The rover of Curiosity has already made history after covering more ground on another planet and helping scientists rebuild the geological history of Mars. Although it moves more than 12 miles (almost 20 kilometers), Curiosity has been hanging around the Vera Rubin Ridge for more than one year. It is getting ready to move, but NASA took the time to lose weight for the first time.
The new selfie of curiosity shows the rover sitting on the field of rusted color, looking at the camera with his "head." What we usually think is that the head of the car is actually a home for Mastcam and ChemCam instruments. The horizon fog is due to a local dust storm, nothing more serious than the world event that probably caused the destruction of the Opportunity rover last year.
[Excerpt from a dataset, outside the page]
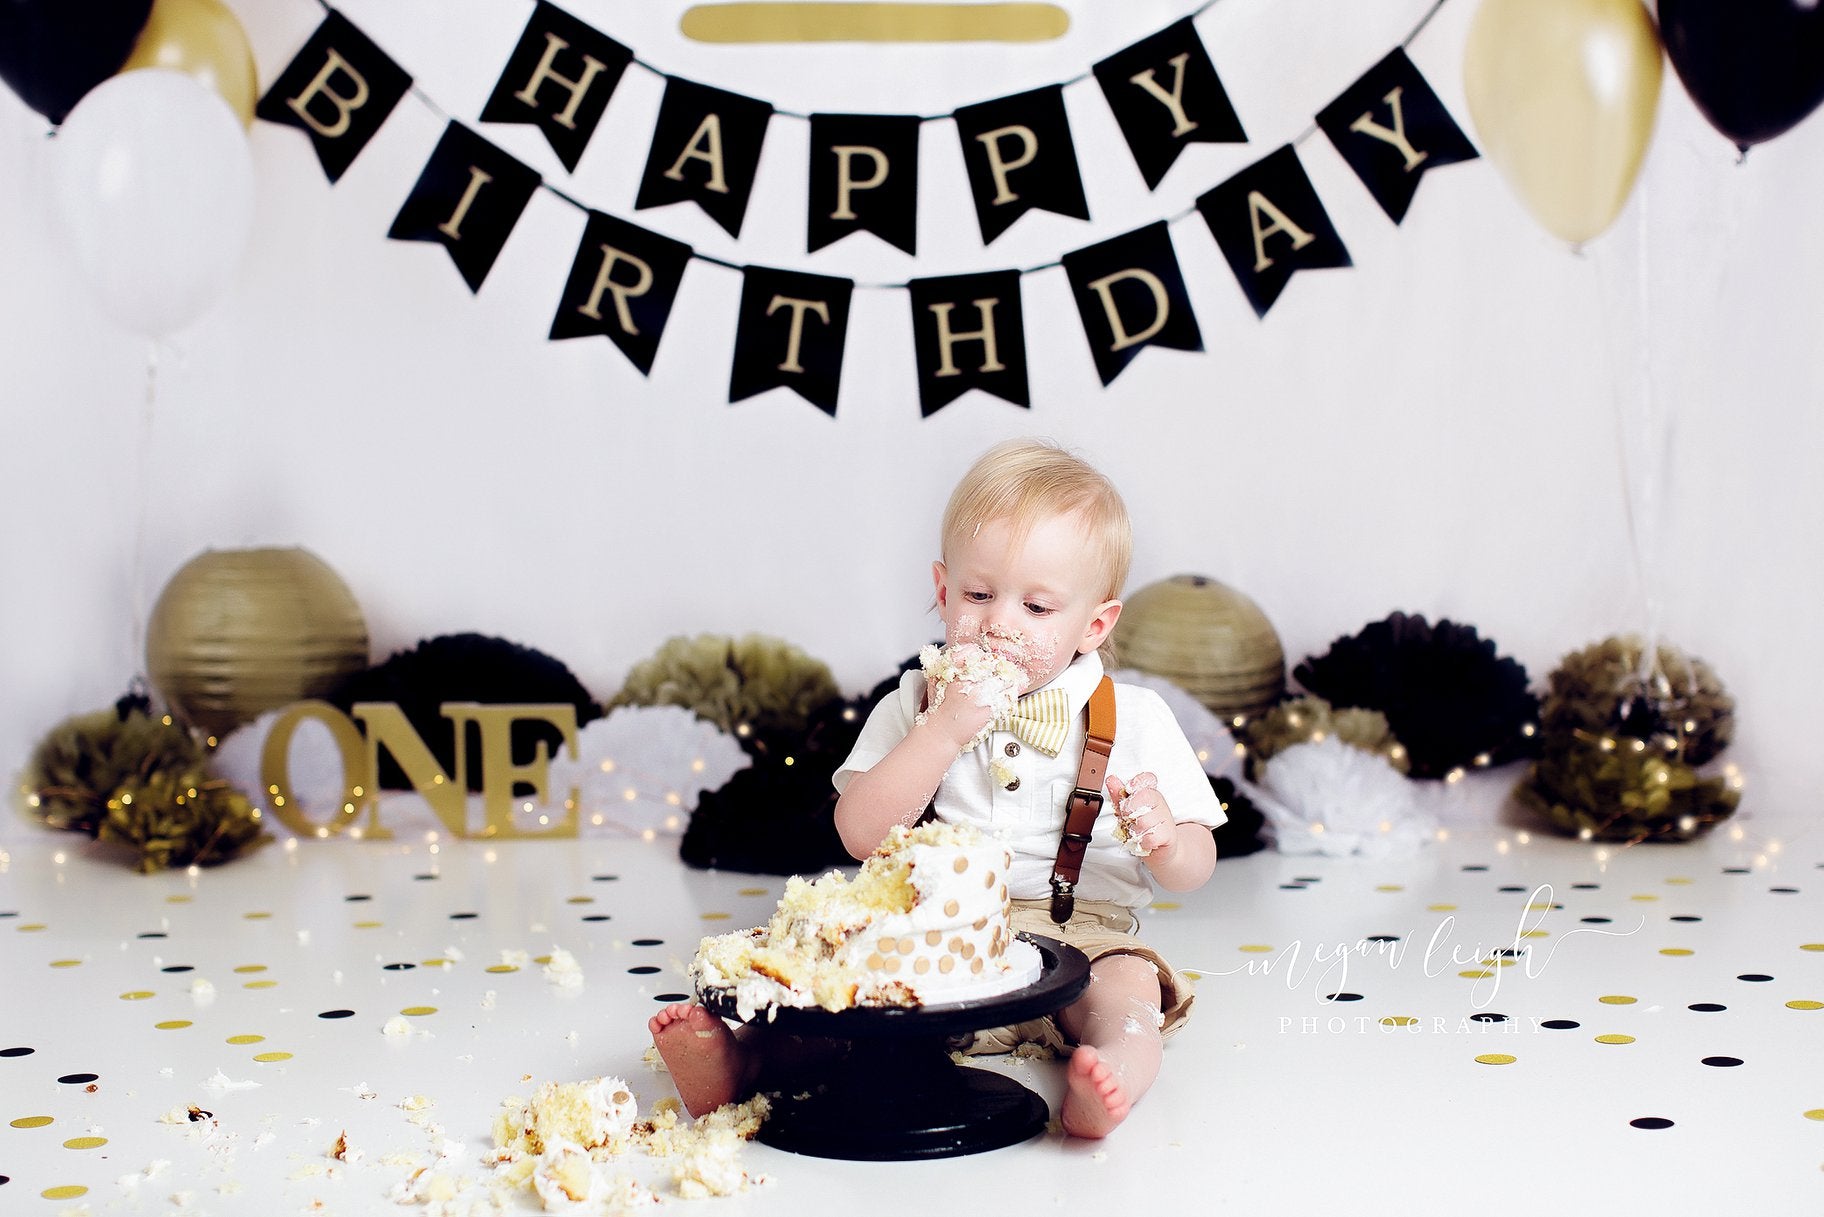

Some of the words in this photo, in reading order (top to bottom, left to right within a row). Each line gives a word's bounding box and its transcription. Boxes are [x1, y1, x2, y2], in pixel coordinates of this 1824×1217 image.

[287, 48, 1428, 376] BIRTHDAY
[514, 32, 1199, 220] HAPPY
[261, 699, 579, 839] ONE
NASA was made with the selfie on January 15, but this is actually a compound of many images like all the jewels of Curiosity.
The image shows that curiosity still looks pretty good after more than six years on the red planet. It's a little dusty, and you can see damage to the wheels of unexpectedly acute Martian rocks. Still, NASA expects Curiosity to continue to truck for years.
NASA uses the Mart Hand Lens Imager (MAHLI) to make these photos. It captures true color images at a resolution of 1600 x 1200. The image published by NASA is much larger than that, since it is sewn through 57 different frames. That's why the final image has such an amazing detail, and you can not see the MAHLI arm anywhere. NASA has just used all the frames to trim the weapon, making it look like someone is next to the rover and took a picture.
Vera Rubin Ridge was the 19th Curiosity Simulation site on Mars. You can see the small hole of "Rock Hall" directly in front of the rover. Now, the rover takes his drill to a "clay unit" located south of the ridge. Clay minerals may contain clues that help us learn more about the ancient lakes that once covered the land around Mount Sharp.
You can see a larger version of the new Curiosity selfie here, and you can take the full resolution version on the NASA site. It has 23 MB and about 10,000 square pixels. You should be able to trim it to any size you want, but NASA also has some preloaded paper downloads in common resolutions.